Guest Post by Daphne Holmes.
There has been a lot of discussion recently, about how big business has too much influence on government. Of course, Democrat pundits are quick to point the finger at Republicans, accusing them of being in the pocket of big business, a charge that the Republicans also level at the Democrats.
If you look closely and objectively at how our government does whatever it is that it does, it becomes pretty obvious that both parties are well beyond being “in the pocket” of big business. The truth is, you’d be hard-pressed to find any area in which the political parties and big business aren’t one and the same. While the Republican Party’s stated platform is more closely aligned with the swelling movement demanding smaller government and less intrusion into our private lives, that platform has to a great extent become a philosophy rather than a consistent practice.
Let’s look at how the process works, oversimplified of course, in a few steps:
Stock prices drive legislation
Say the shareholders in Corporation “A” want to increase their dividends. The way to do this is to either tap an undeveloped market or increase the company’s share of an existing market. Right off the bat, the company discovers that there are government regulations in place that impede their efforts. Some of those regulations make perfect sense, such as those that make it illegal to sabotage a competitor.

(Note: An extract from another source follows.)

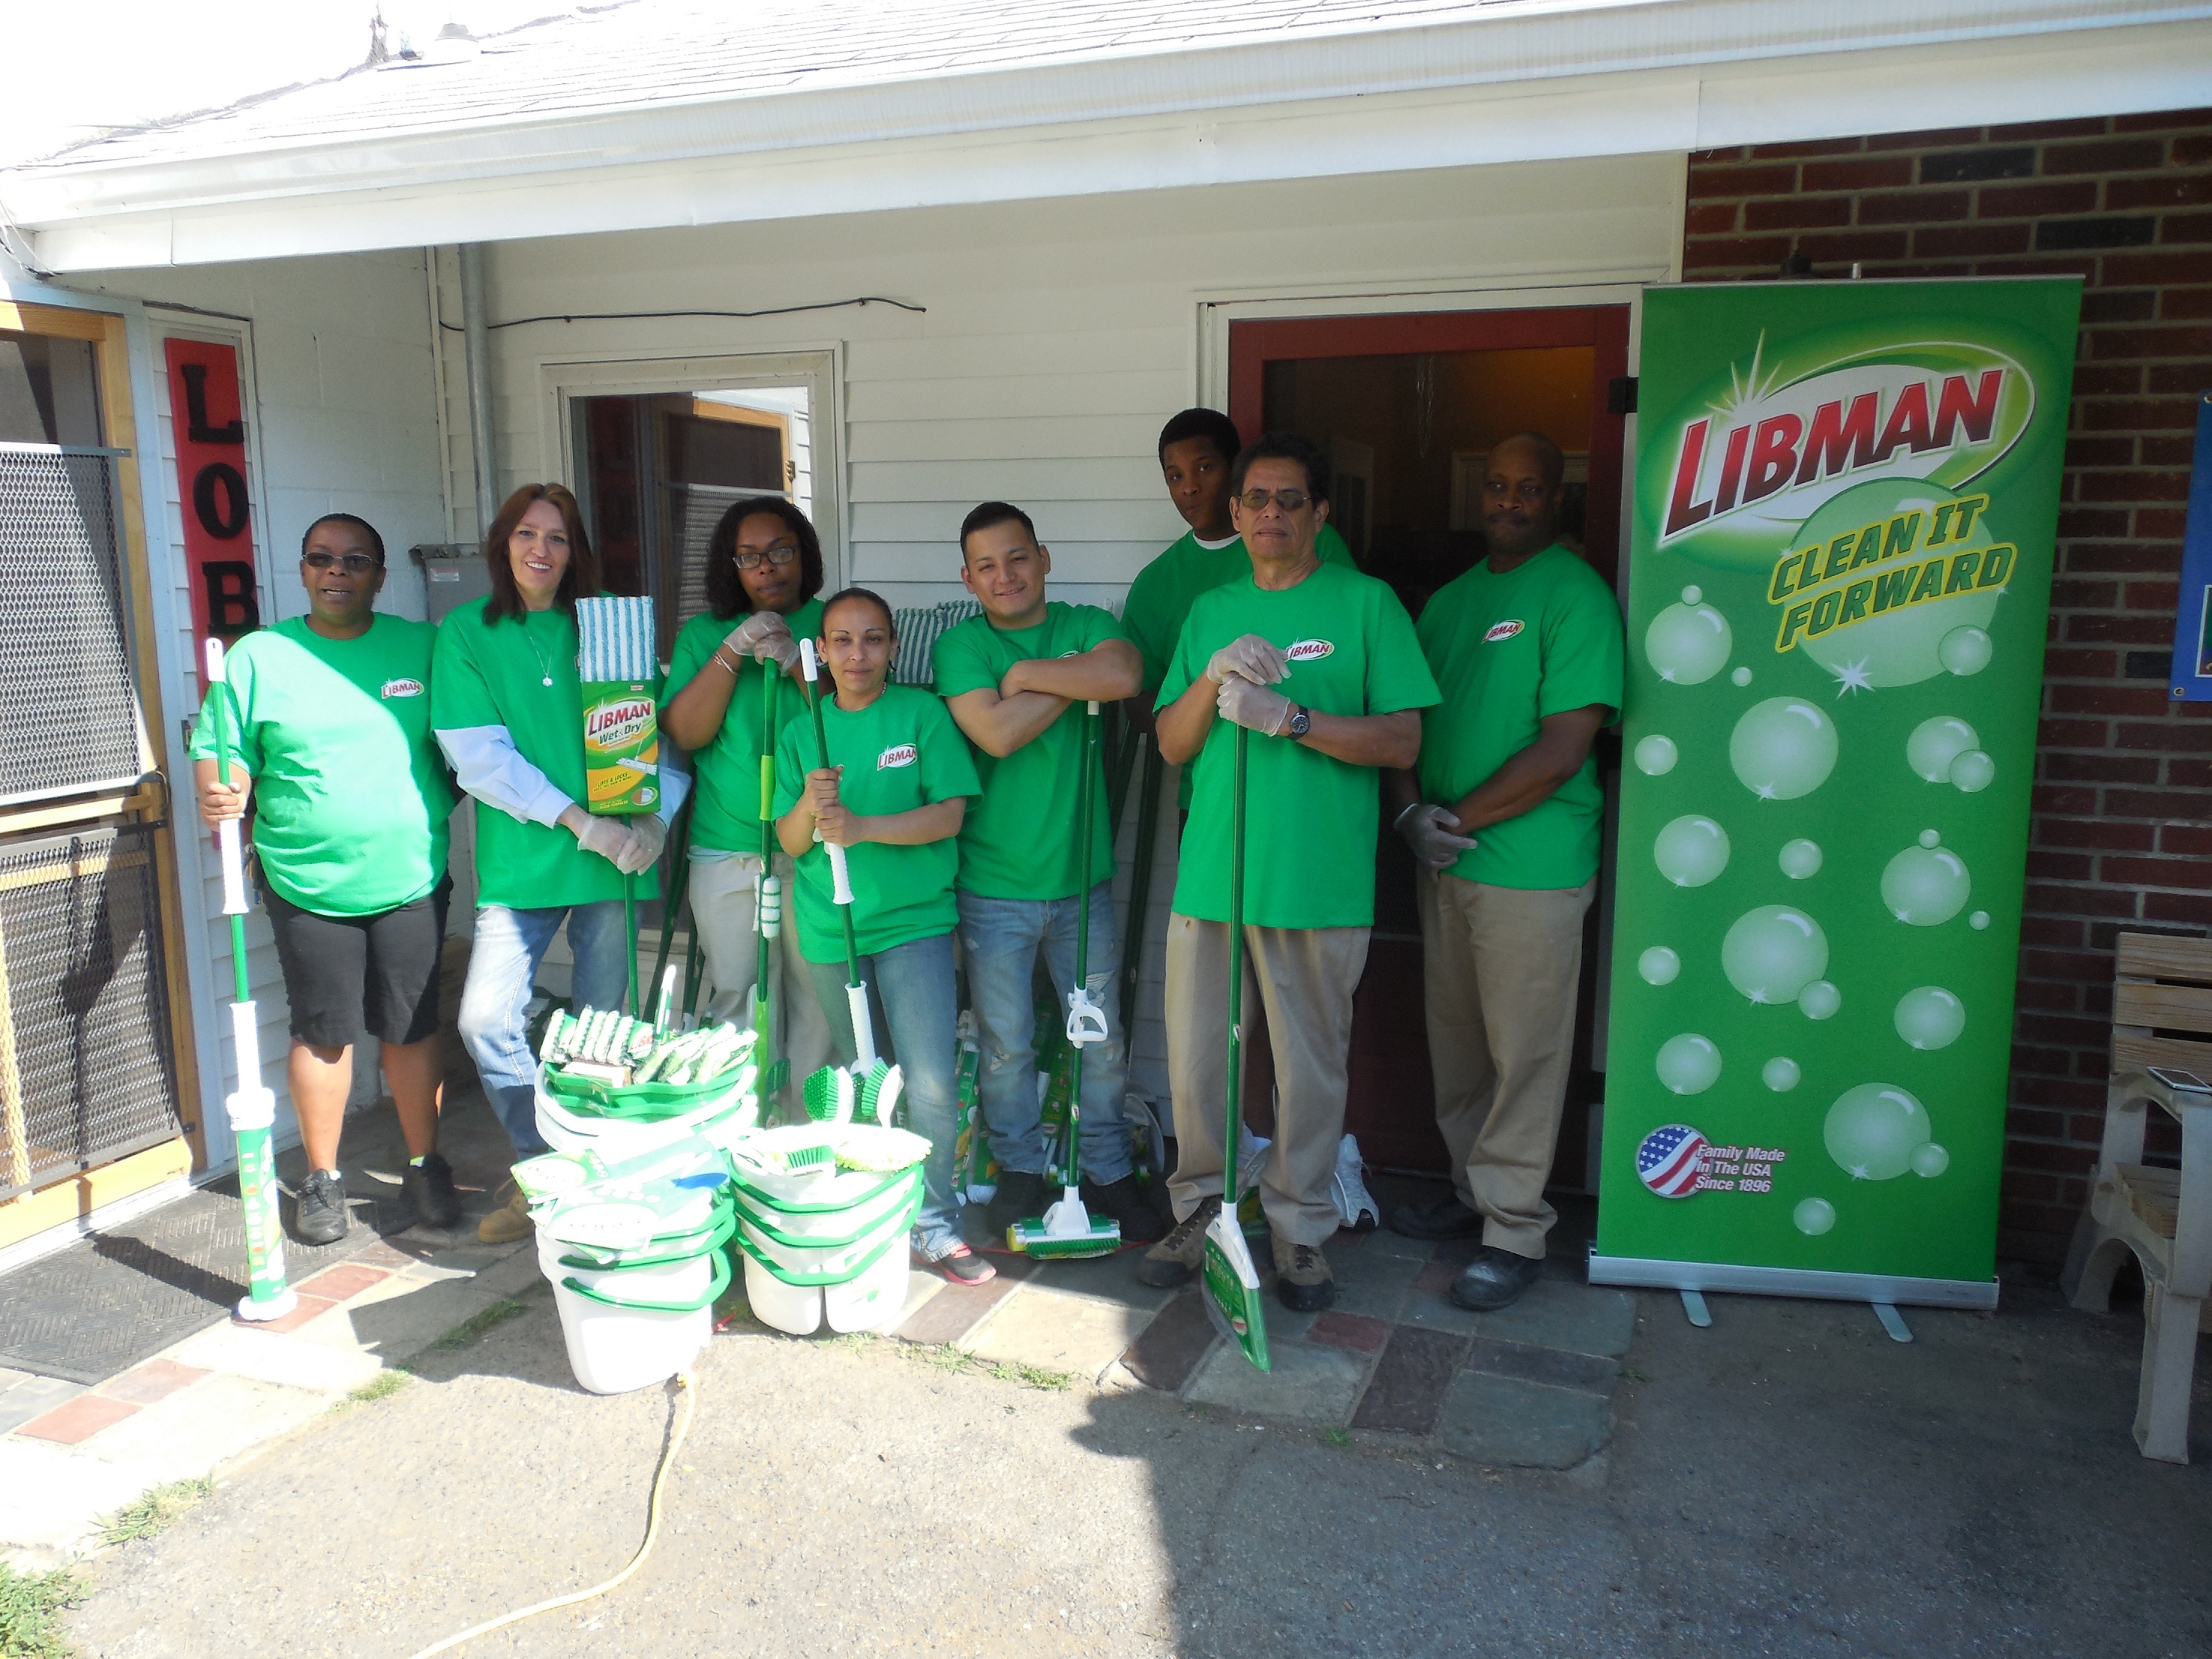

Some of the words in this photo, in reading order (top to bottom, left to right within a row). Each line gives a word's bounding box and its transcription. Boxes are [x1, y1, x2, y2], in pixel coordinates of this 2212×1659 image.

Naturally, the company is under pressure from its investors to proceed with the expansion or product release. Since it will cost far less to donate to elected officials than to re-gear the expansion or abandon the product, the company hires lobbyists to “grease the wheels” by offering much-needed financial support to those elected officials in charge of regulating the company’s operations. The promise of a few hundred thousand (or a few million) dollars to a campaign fund goes a long way toward convincing a candidate to reconsider his or her position on a piece of legislation. Corporations large and small have come to view those contributions to be a normal cost of doing business.
Legislation is met with resistance
Special interest groups with unique agendas stage their own campaigns to impede expansion. Every possible rationale for halting the process comes into play, often appealing to the public’s emotions rather than good business practices, science, or common sense. These special interest groups find ways to appeal to those emotions, so their own funding continues to increase.
The end result is that we have extensive legislation and regulation drafted and passed, only to be challenged ad infinitum, rewritten, and then challenged again. The never-ending cycle, with moneyed interests on both sides, keeps the conflict alive with an increasingly complex mountain of laws and regulations. The more laws and regulations we have in place, the more our elected officials justify investigations, large staffs, and committees - all funded by the lobbies. In the end, stock prices fluctuate accordingly, thus perpetuating the cycle.
Who profits from this cycle?
1. The businesses’ investors. To them, money spent on lobbying efforts and legally-rationalized bribes are a drop in the bucket compared to the billions they hope to earn from their companies’ ventures. So long as their profits and dividends remain high, they are happy to accept the cost of doing business. 2. The lobbies that represent opposing factions. The lobby machine can be likened to the arms dealer who sells to both sides of a war. There is no incentive for the conflict in either theater to be resolved. On the contrary, so long as there is conflict, the lobbies are assured of making their money. 3. The elected officials. They are able to remain in office and exercise their own power as long as there is some reason for them to take a stand. Ironically, our elected officials’ primary efforts are devoted to fighting against something, rather than working for a free and prosperous country.
The American people are the biggest losers in this game. With almost every new piece of legislation and new regulation, our freedoms are limited a little bit more. Elected officials could clean up the mess in a heartbeat, but there is no incentive for them to do so. On the contrary, they recognize that their own jobs and power could be in jeopardy if they decide not to play. As a result, change is slow in the relationship between politics and the stock market.